● **YOUR TASK**
Reproduce the records below in full and exactly, without their images.

Segment Start: SOURCE RECORDS

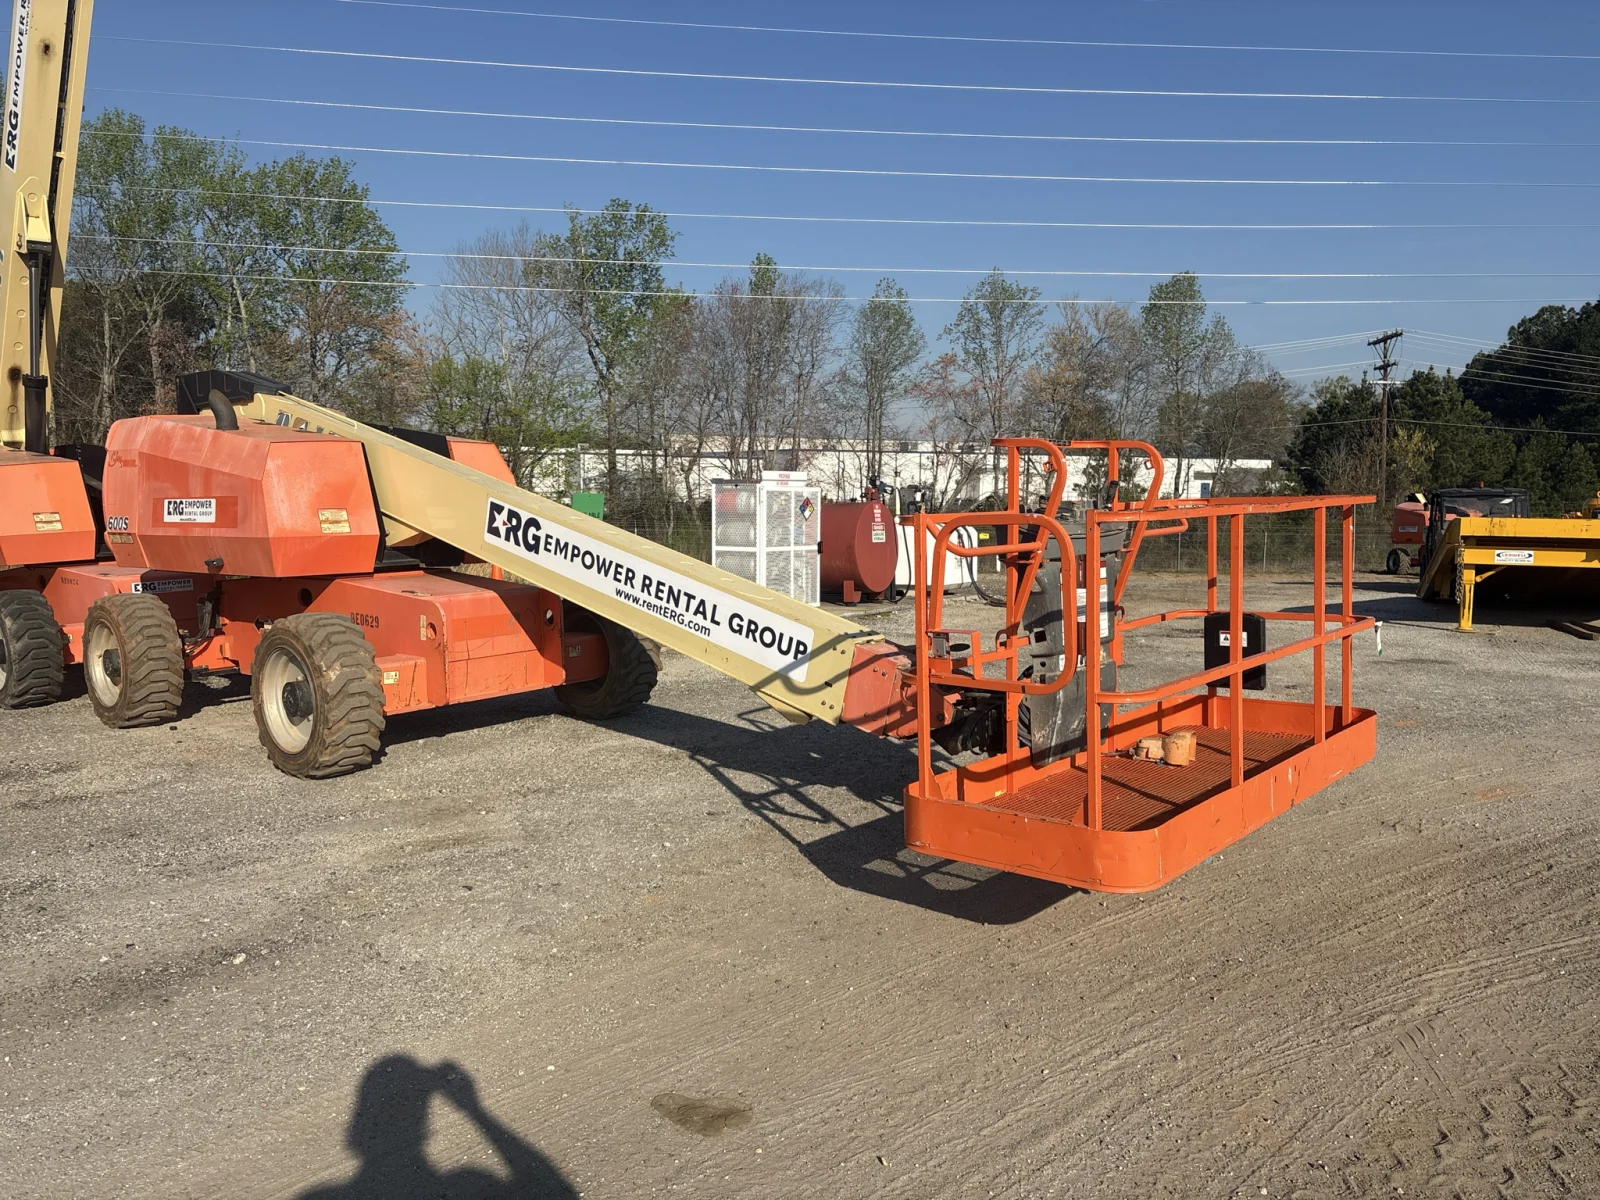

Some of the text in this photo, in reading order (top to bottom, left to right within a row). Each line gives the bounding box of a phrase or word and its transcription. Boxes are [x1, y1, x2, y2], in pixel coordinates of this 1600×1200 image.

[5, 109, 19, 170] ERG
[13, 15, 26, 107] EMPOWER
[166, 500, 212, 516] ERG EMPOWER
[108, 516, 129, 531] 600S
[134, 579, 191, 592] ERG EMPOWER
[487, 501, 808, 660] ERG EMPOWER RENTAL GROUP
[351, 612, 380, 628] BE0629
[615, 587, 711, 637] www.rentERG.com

Segment End: SOURCE RECORDS

● **RESPONSE AREA**
Some of the text in this photo, in reading order (top to bottom, left to right within a row). Each line gives the bounding box of a phrase or word and its transcription. Boxes are [x1, y1, x2, y2], in pixel coordinates of this 1600×1200 image.

[5, 109, 19, 170] ERG
[13, 15, 26, 107] EMPOWER
[166, 500, 212, 516] ERG EMPOWER
[108, 516, 129, 531] 600S
[134, 579, 191, 592] ERG EMPOWER
[487, 501, 808, 660] ERG EMPOWER RENTAL GROUP
[351, 612, 380, 628] BE0629
[615, 587, 711, 637] www.rentERG.com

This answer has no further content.